Proprio come aveva fatto nel suo più importante lavoro precedente, Eretici italiani del Cinquecento (1939), in questa opera pubblicata nel 1943 Cantimori sottolinea un dato essenziale che l’establishment comunista, da Togliatti a Zangheri, trascurava completamente, quello religioso. «Gli uomini – scrive Cantimori – che sono stati studiati in queste ricerche non furono “riformatori” solo nel senso di desiderosi di riformare la società e l’istituto della proprietà, ma anche nel senso che auspicarono o tentarono una trasformazione religiosa». Un elemento opportunamente rilevato pure da Adriano Prosperi nella prefazione al volume: anche gli utopisti del Settecento esaminati da Cantimori fanno parte del cosiddetto filone ereticale. Anzi, c’è un filo comune che li lega ai movimenti antisistema esplosi sia nel mondo cattolico che protestante nel periodo della Riforma e della Controriforma. Si tratta del desiderio di una palingenesi totale, sociale e religiosa, in nome di una lotta non solo contro gli abusi e la corruzione degli ecclesiastici ma anche per realizzare gli ideali della giustizia sociale.

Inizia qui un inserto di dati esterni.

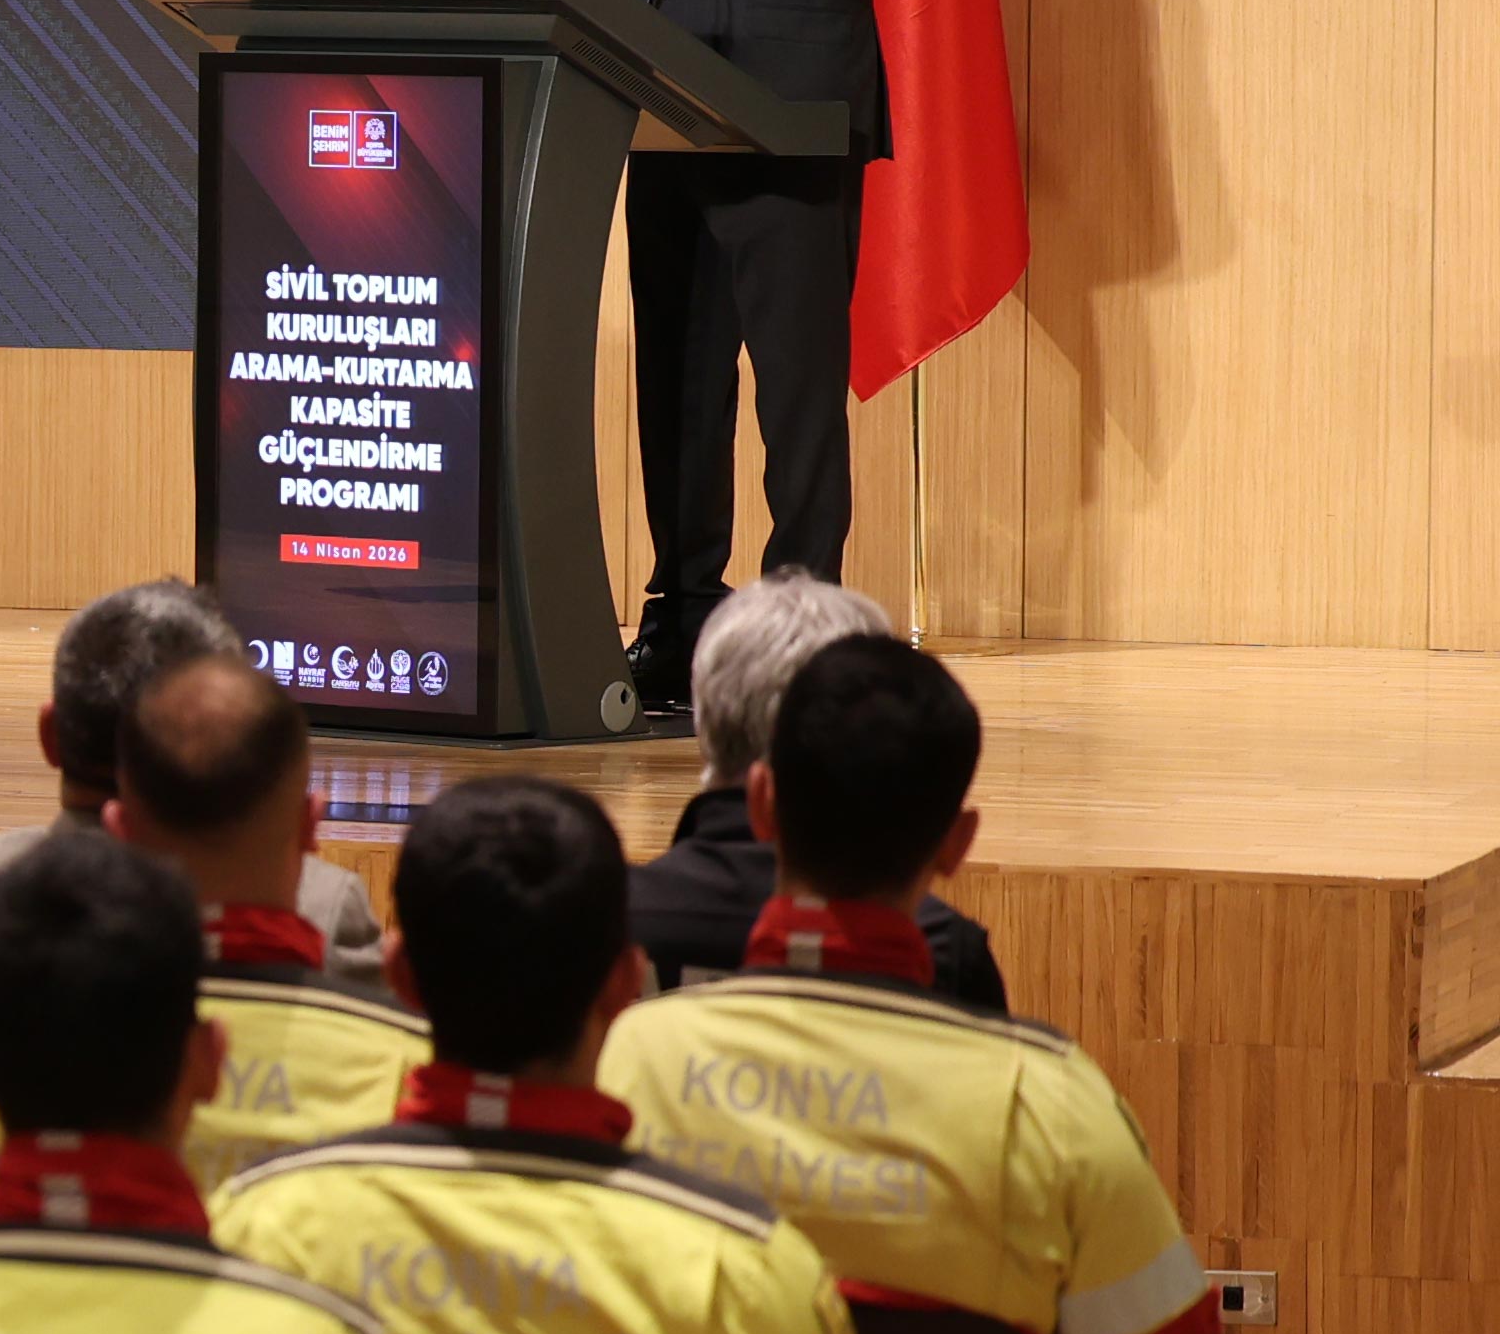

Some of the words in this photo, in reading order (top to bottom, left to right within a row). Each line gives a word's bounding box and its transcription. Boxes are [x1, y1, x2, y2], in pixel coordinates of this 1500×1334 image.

[265, 263, 329, 301] SİVİL
[332, 273, 438, 305] TOPLUM
[266, 312, 436, 352] KURULUŞLARI
[229, 352, 474, 390] ARAMA-KURTARMA
[290, 391, 412, 429] KAPASİTE
[258, 429, 443, 473] GÜÇLENDİRME
[279, 477, 420, 512] PROGRAMI
[291, 541, 308, 556] 14
[316, 543, 361, 559] Nisan
[367, 546, 407, 562] 2026
[680, 1055, 888, 1127] KONYA
[358, 1239, 588, 1319] KONYA

Centrale è allora, sia nel Cinquecento che nel Settecento, il ruolo dell’utopia, che come genere letterario notoriamente nasce con l’Umanesimo rinascimentale: il termine – si sa – si deve a Tommaso Moro, che nel 1516 diede alle stampe la sua Utopia. Da allora, il sogno di creare una società perfetta ha affascinato filosofi e politici, portando con sé tutta l’ambivalenza racchiusa nella parola, che ha il significato di “luogo inesistente” e di “luogo felice” allo stesso tempo. Nel libro di Cantimori colpisce ad esempio la prima figura esaminata, l’abate Antonio Tocci, che propose la creazione di una società di “cristiani pari” sul modello delle reducciones dei gesuiti in Paraguay. Elaborata alla fine del ’700, la sua proposta prevedeva una riforma sociale profonda che non poteva non passare attraverso l’abolizione della proprietà privata: è una vera e propria idea di comunismo solidaristico che egli elabora a partire dall’eguaglianza originaria tra gli uomini.
Così anche nei personaggi successivi, come i più noti Babeuf e Buonarroti – che furono anche protagonisti della Rivoluzione francese e ispiratori della Congiura degli Eguali – oltre alla rivoluzione a partire dall’eliminazione delle disuguaglianze sociali emerge un elemento religioso. «Ma religion est l’égalité », sosteneva Filippo Buonarroti, convinto che le Chiese avessero dimenticato una delle prime regole del Vangelo. Babeuf a sua volta voleva creare una “Vandea della plebe”, dando vita a un esperimento di comunismo egualitario in una regione specifica in modo da fornire un modello a tutta la nazione. Tutti sogni infranti e se vogliamo un po’ bizzarri, come li definì Paolo Emilio Taviani criticando Cantimori, che al contrario – nelle sue Meditazioni storiche uscite nel 1960 – la pensava così: «Utopie, si dirà, in questo mondo d’oggi. Ma nella storia si sono viste tante utopie diventar realtà e tanti realismi finire nel nulla». Rileggendo l’opera dello storico romagnolo, al di là dell’estremismo di certe sue posizioni, questo anelito rimane intatto ancor oggi, almeno come tensione ideale, pensando ad esempio alla comunione dei beni praticata dalle prime comunità cristiane.